Limits and observability

FlagDefaultNotes
--max-request-size16 MiBPer client request.
--max-response-size64 MiBPer response.
--max-requested-latency-ms2000Cap on a watch latency request.
--metrics-enabledtruePrometheus /metrics and /health.
--metrics-port9090See Monitoring.

Tuning notes

  • Write throughput vs latency. --fsync-delay-us and --replication-delay-us are the main knobs. The defaults (17 ms each) target high throughput. If your SLO is single-digit-ms p99, lower both to your latency budget minus your fsync time minus network RTT. You will give up throughput.
  • S3 fallback windows hurt. While the follower is unreachable, every write pays --s3-replication-delay-us (default 500 ms) on the ack.
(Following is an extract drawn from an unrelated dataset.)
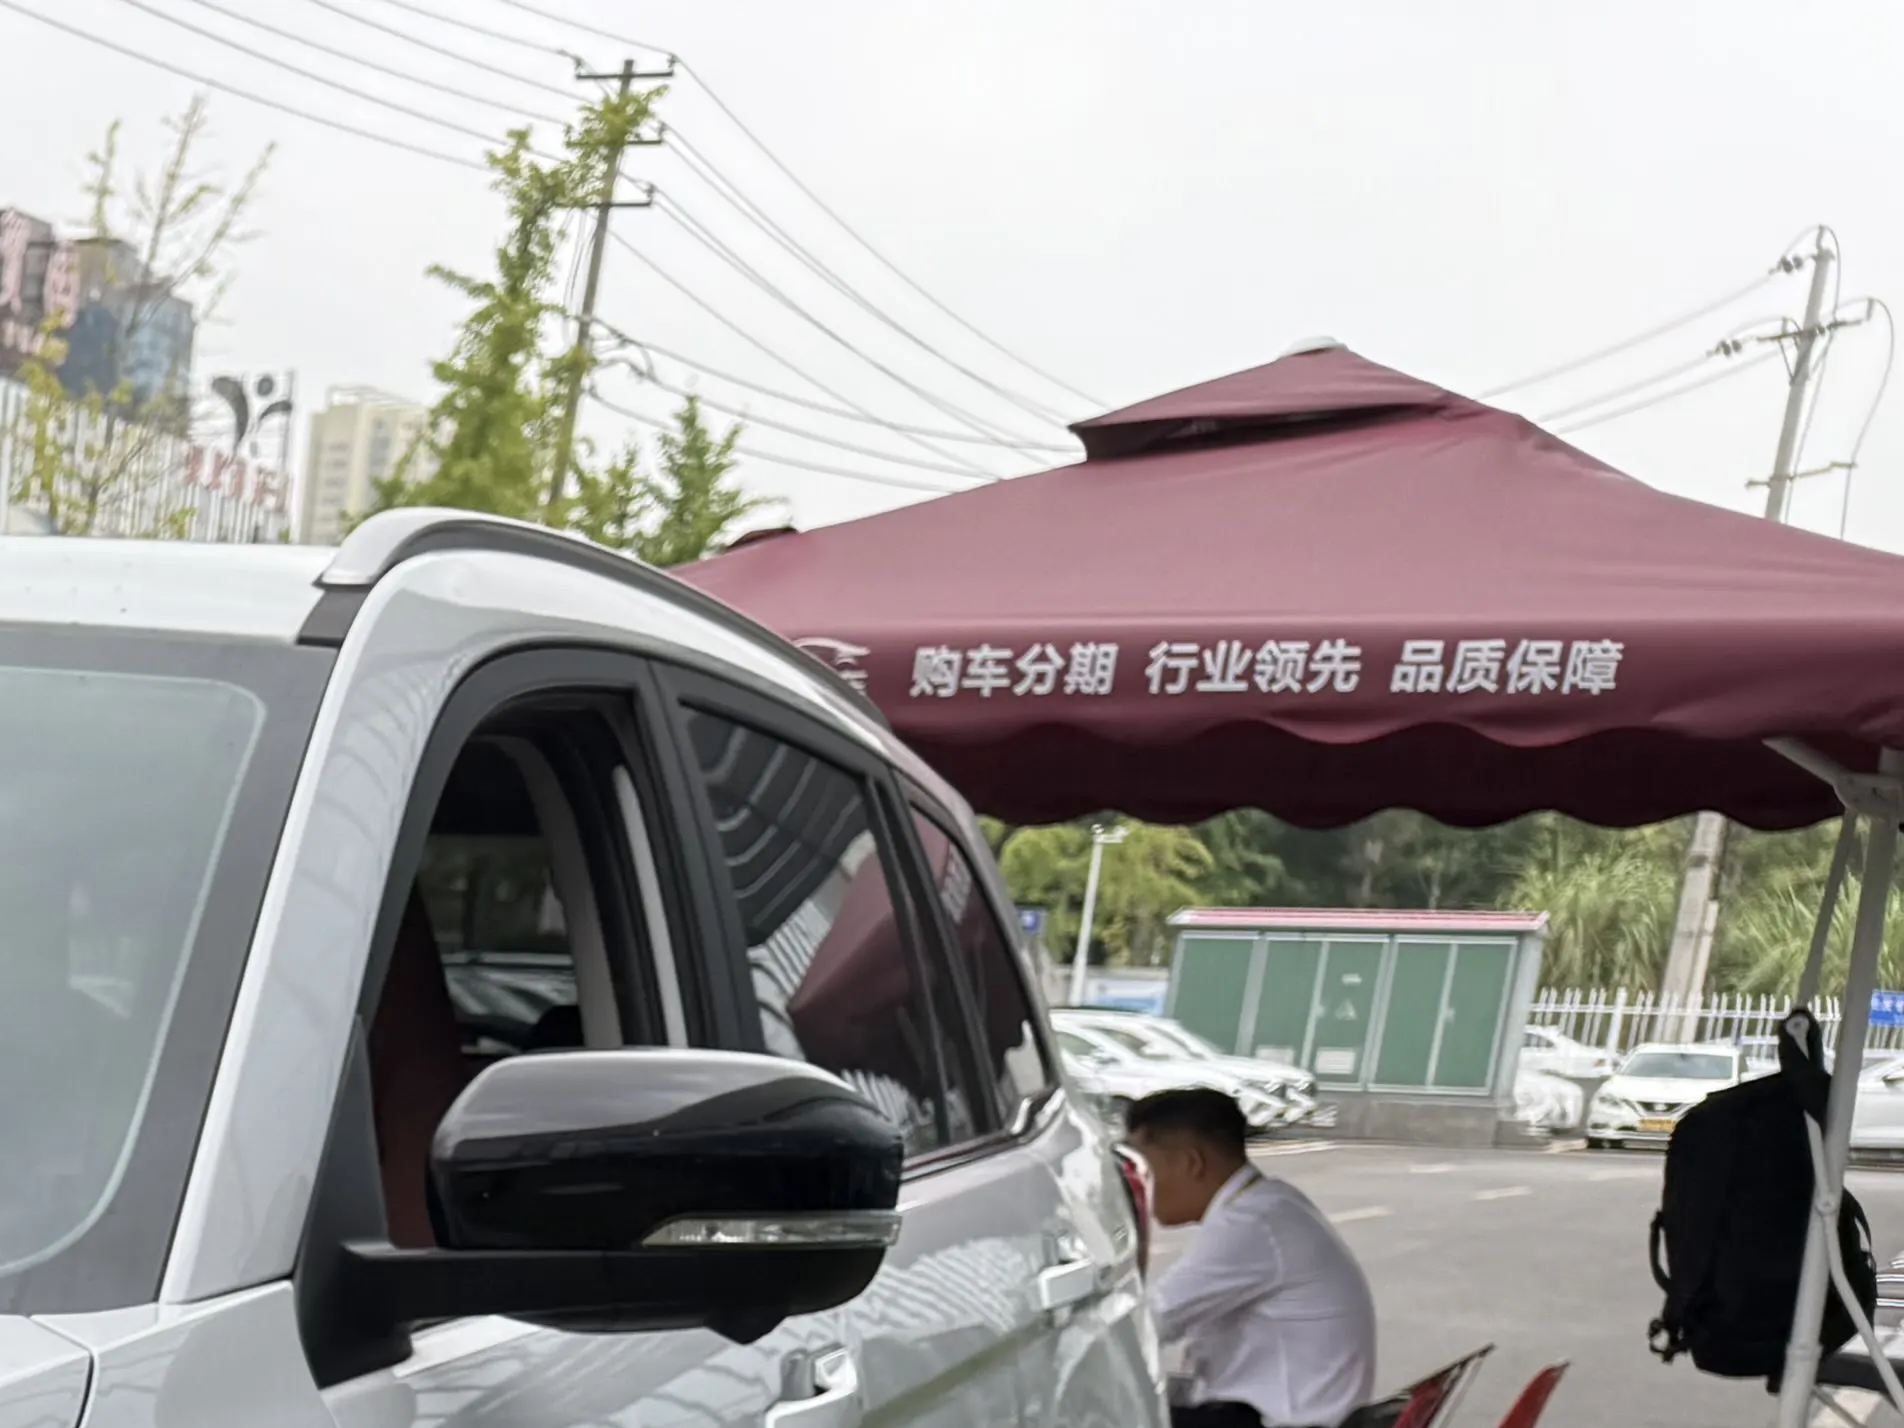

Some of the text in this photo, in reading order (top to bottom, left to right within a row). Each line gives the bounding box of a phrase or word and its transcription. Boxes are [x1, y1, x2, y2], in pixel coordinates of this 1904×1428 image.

This is intentional — bigger batches mean fewer S3 PUTs. If your follower is flapping briefly, the cluster recovers; if it is down for hours, plan for elevated write latency and budget S3 costs accordingly.
  • NTP is required. --max-clock-drift-ms is slack, not the budget. If your nodes drift more than this between renewals, lease checks fail and you get election flaps. Check chronyc tracking on both nodes before opening a bug.
  • reserve_coordinator_shard isolates shard 0 for heartbeat/schema work on dense-core boxes. Useful if you see one shard hot from coordination traffic alone.